When the loop is normal, it remains in Idle state. After a link failure, it switches to Protection state.
ERPS timer
Hold-off timing timer
This timer activates when the port detects a link fault, delaying the speed of fault reporting. After a link failure, wait for the hold-off timeout. If the failure persists, report it again. This provides the service layer with opportunities to repair links and prevents unnecessary fault reports. The duration of this timing affects the speed of link fault reporting and the changeover performance during a fault.
Guard timing
This timer activates when the port detects a link recovery. Use it to prevent unnecessary flapping in the network caused by residual original R-APS messages during forwarding delays. Before this timing expires, the interface will not process any R-APS messages. This timing affects the link recovery performance during multipoint failures.
WTR Timer
In switch back mode, this timer starts when the Owner node receives an NR message in Protection status. It prevents frequent flapping caused by intermittent faulty links on the ring network. Before this timer times out, RPL continues forwarding while the switch-back point remains temporarily blocked. If the Owner node receives an SF message during this period, indicating a fault link still exists in the ring network, the timer closes immediately, and RPL continues forwarding. Otherwise, after the timer times out, the Owner node blocks the RPL port, sends an (NR, RB) message to notify the switch-back node, releases the temporarily blocked port, and refreshes the MAC address entry.
WTB Timer
In switch back mode, this timer activates when the Owner node receives an NR message in MS or FS state. It prevents RPL ports on the ring network from being repeatedly blocked and unblocked due to network flapping. Before this timing expires, RPL continues forwarding, and the faulty node sends an NR message. During this period, if the Owner node receives an SF message again, it indicates a faulty link in the ring network. The timer closes directly while RPL continues to forward. Otherwise, after the timer times out, the Owner node blocks RPL, sends an (NR, RB) message to notify the temporary blocking point to release, and refreshes the MAC address entries.
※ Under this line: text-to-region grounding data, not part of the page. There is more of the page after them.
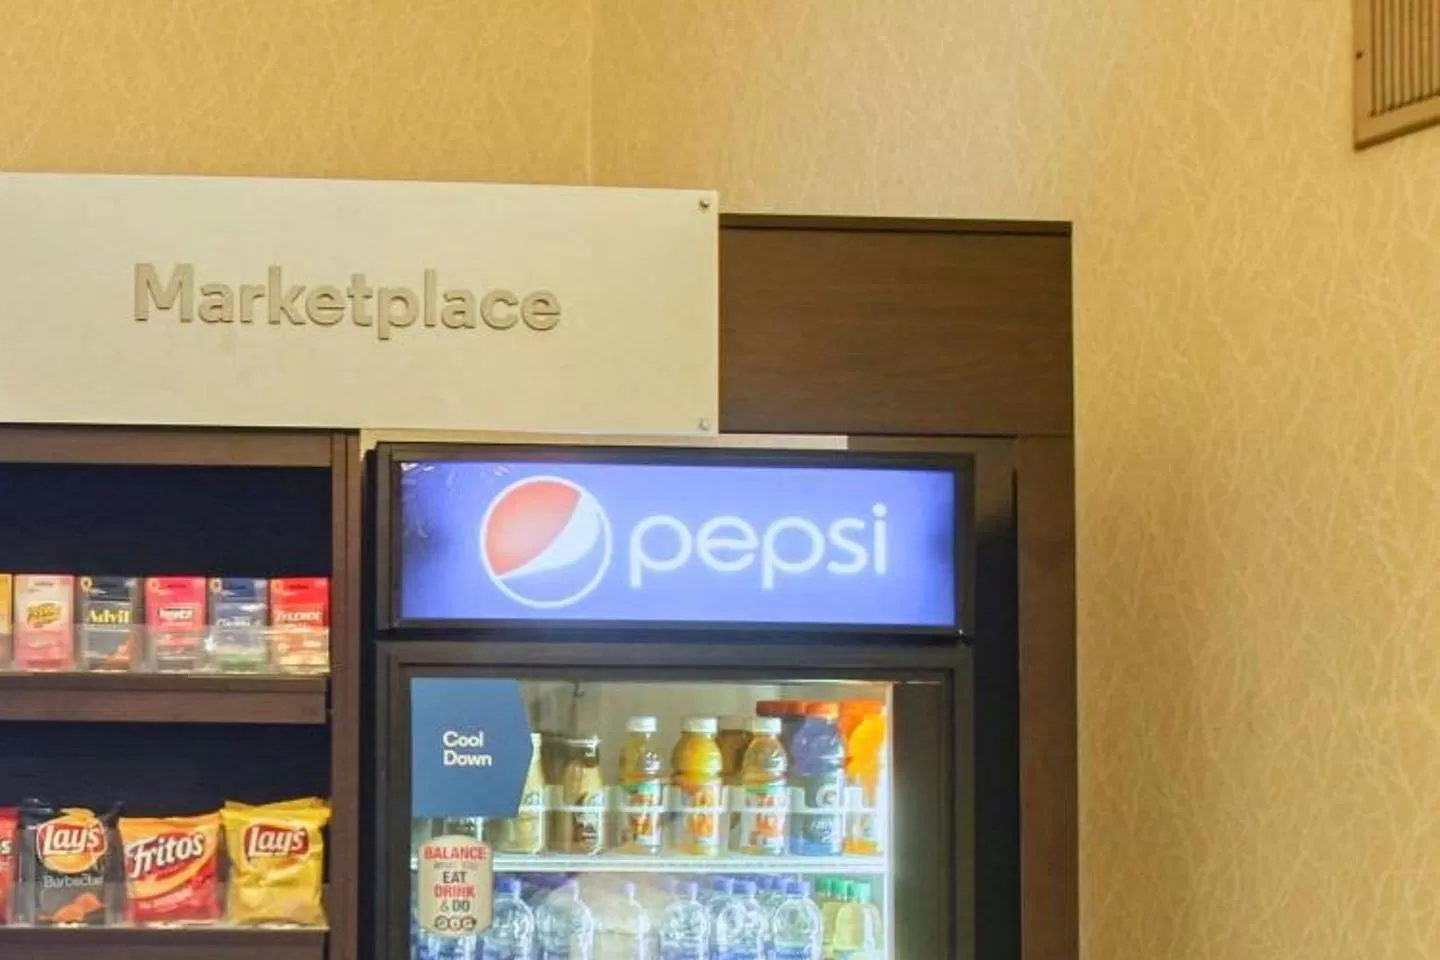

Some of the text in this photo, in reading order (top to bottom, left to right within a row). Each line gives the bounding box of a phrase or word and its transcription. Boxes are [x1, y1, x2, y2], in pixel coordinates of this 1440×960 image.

[133, 262, 562, 340] Marketplace
[628, 503, 887, 589] pepsi
[89, 609, 130, 624] Advil
[442, 731, 485, 748] Cool
[443, 751, 493, 766] Down
[41, 825, 102, 857] Lay's
[247, 826, 305, 857] Lay's
[126, 831, 206, 879] Fritos
[423, 846, 487, 860] BALANCE
[442, 871, 468, 884] EAT
[435, 885, 476, 898] DRINK
[452, 900, 471, 912] DO
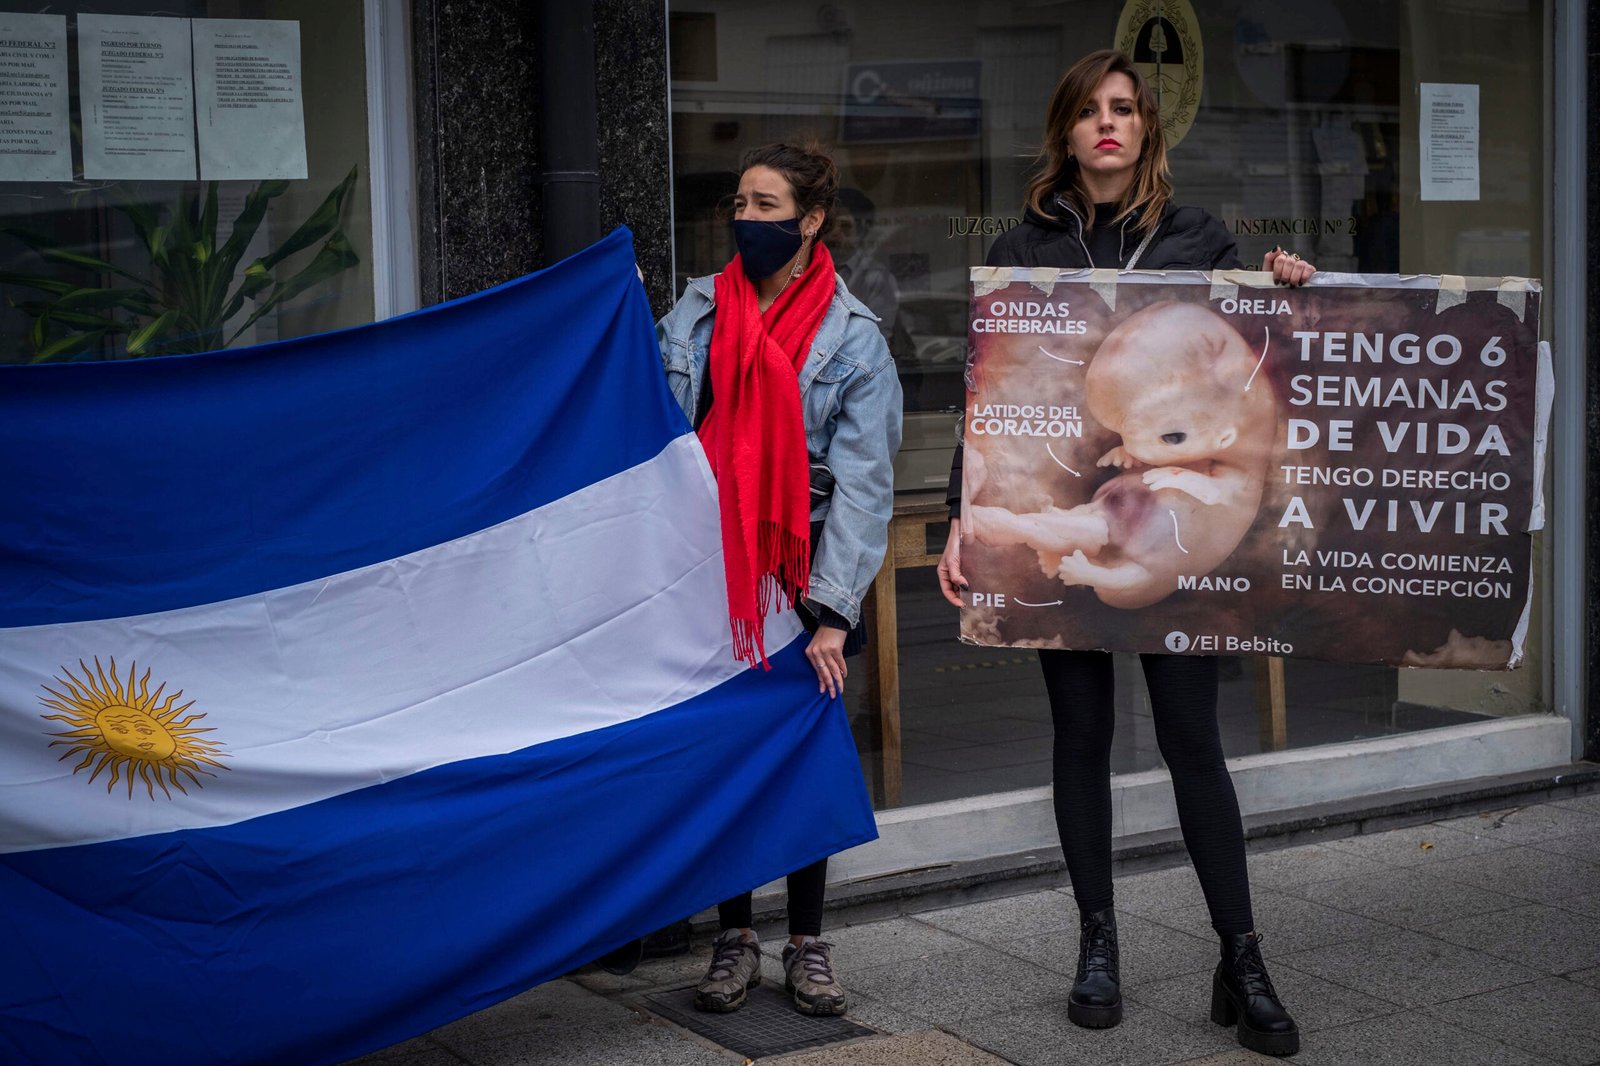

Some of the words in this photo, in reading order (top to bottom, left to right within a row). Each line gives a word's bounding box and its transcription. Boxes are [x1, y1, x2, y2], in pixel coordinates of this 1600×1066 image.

[9, 40, 42, 48] FEDERAL
[948, 216, 1020, 239] JUZGAD
[1235, 219, 1318, 235] INSTANCIA
[1348, 218, 1357, 235] 2
[990, 301, 1070, 318] ONDAS
[1220, 298, 1293, 316] OREJA
[972, 318, 1088, 336] CEREBRALES
[1292, 330, 1462, 366] TENGO
[1480, 336, 1507, 367] 6
[1288, 374, 1508, 412] SEMANAS
[973, 403, 1045, 420] LATIDOS
[1049, 406, 1082, 421] DEL
[970, 417, 1083, 438] CORAZÓN
[1287, 418, 1354, 452] DE
[1376, 421, 1511, 456] VIDA
[1281, 465, 1374, 487] TENGO
[1382, 469, 1511, 491] DERECHO
[1277, 496, 1314, 529] A
[1342, 498, 1509, 536] VIVIR
[1283, 549, 1311, 566] LA
[1316, 550, 1374, 569] VIDA
[1380, 552, 1513, 574] COMIENZA
[1177, 574, 1251, 592] MANO
[1281, 573, 1312, 590] EN
[1319, 575, 1347, 592] LA
[1352, 577, 1511, 599] CONCEPCIÓN
[972, 592, 1006, 608] PIE
[1226, 635, 1293, 654] Bebito
Single-ring operating principle
|
NOTE: When the RPL port is in a blockade state: · Do not forward ERPS protocol messages and datagrams in the primary ring. · In the sub-ring, forward only ERPS protocol messages; do not forward datagrams. |
Single-ring detection and switch-back mechanism
Ring network health monitoring and management mechanism
As shown in Figure 3, the specific process of the ring network health monitoring and handling mechanism is as follows:
1. The owner node sends (NR, RB) messages to other nodes every 5 seconds.
2. When a normal node receives the (NR, RB) message, it forwards the message to the adjacent node.
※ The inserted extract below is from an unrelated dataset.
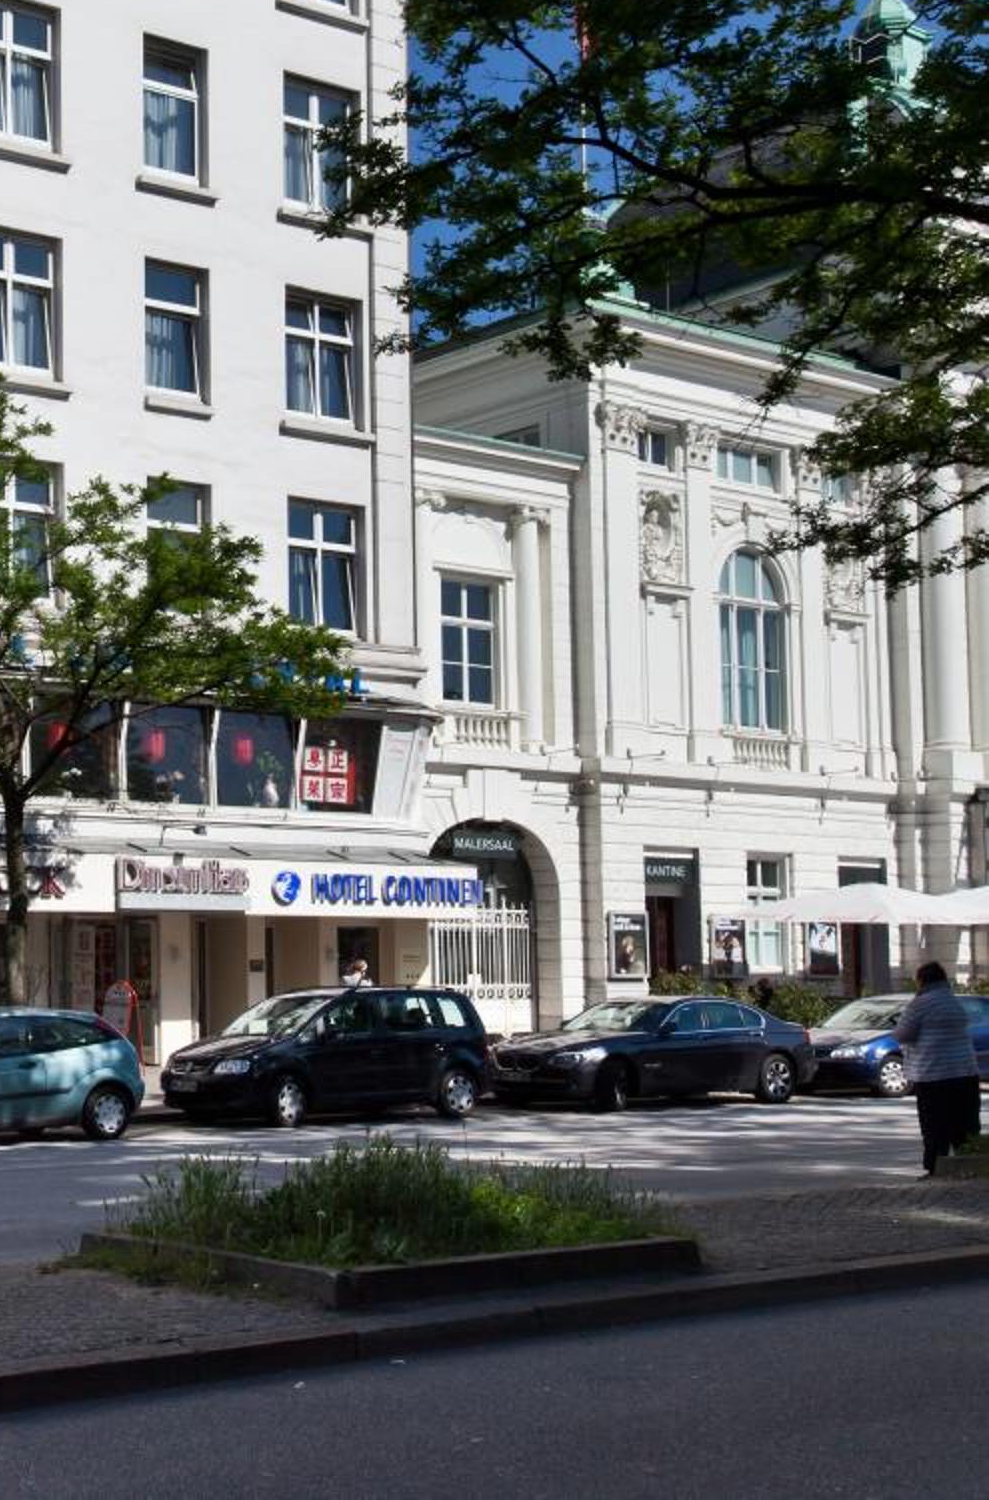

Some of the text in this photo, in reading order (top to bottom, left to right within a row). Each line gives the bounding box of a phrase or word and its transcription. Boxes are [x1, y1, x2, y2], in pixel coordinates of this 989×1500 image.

[453, 836, 515, 852] MALERSAAL
[646, 864, 687, 878] KANTINE
[312, 873, 378, 904] HOTEL
3. When all nodes receive the (NR, RB) message, the ring network indicates a healthy state.
When the ring network is healthy, the RPL port remains in a blockade state while other ports can forward data traffic normally.
Figure 3 ERPS ring in a healthy state
Ring network failure detection and handling mechanism
When a node in the link detects that any of its ports belonging to the ERPS ring is down, it blocks the faulty port, refreshes the MAC address entries, and immediately sends an SF message to notify other nodes in the link about the failure. Upon receiving this message, other nodes unblock non-faulty ports and refresh their MAC address entries. As shown in Figure 4, the specific process for detecting and handling network failures in a ring network is as follows:
1. When Device C and Device D detect a link fault, they block the faulty port, refresh the MAC address entries, and immediately send three SF messages continuously. Then, they periodically send SF messages at 5-second intervals.
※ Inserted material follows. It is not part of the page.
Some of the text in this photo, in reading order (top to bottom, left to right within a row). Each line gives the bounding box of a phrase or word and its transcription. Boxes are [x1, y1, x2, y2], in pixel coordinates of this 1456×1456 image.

2. When a normal node receives an SF message, it refreshes the MAC address entry and forwards the message to adjacent nodes.
3. When the Owner node and Neighbor node receive the message, open the RPL port and refresh the MAC address entry.
Figure 4 Network diagram of link fault handling process
Ring network failure detection and handling mechanism
When the failed link recovers, first block the ports that were in a failed state. Then, start the Guard timing and send an NR message to notify the Owner node that the failed link has recovered. The Owner node starts the WTR timing timer upon receiving the NR message. If it does not receive the SF message before the timer expires, it blocks the RPL port and periodically sends (NR, RB) messages. The switch-back node releases the temporarily blocked switch-back port upon receiving the (NR, RB) messages. The Neighbor node blocks the RPL port and restores the link after receiving the (NR, RB) messages. As shown in Figure 5, the specific process for network failure detection and recovery handling is as follows:
1. When Device C and Device D detect the recovery of their link, temporarily block the previously faulty ports, start the Guard timing, and send NR messages.
2. When a normal node receives an NR message, it forwards the message to the adjacent node.
3. Device A (Owner node) starts the WTR timing after receiving the NR message. Once the timer times out, block the RPL port and send out the (NR, RB) message.
4. After Devices C and D receive the (NR, RB) message, they will release the temporarily blocked switch-back port.
5. Device B (Neighbor node) blocks the RPL port after receiving the (NR, RB) message.
6. Restore the link to its state before the failure.
Figure 5 Network diagram of the link recovery process
The owner node has two methods for link recovery processing.
· Switch back mode: After the Owner node receives the NR message indicating fault clearance, it activates the WTR/WTB timing timer. Before the timer times out, if the owner node does not receive the SF message, change the port status, block the RPL port, clear the MAC address entries, and send the (NR, RB) message. Other nodes should unblock non-faulty ports and clear their respective MAC address entries. After the timer times out, change over to the Idle state.
· Non-revertive behaviour: After the owner receives the NR message, it maintains the previously set port state without executing any actions.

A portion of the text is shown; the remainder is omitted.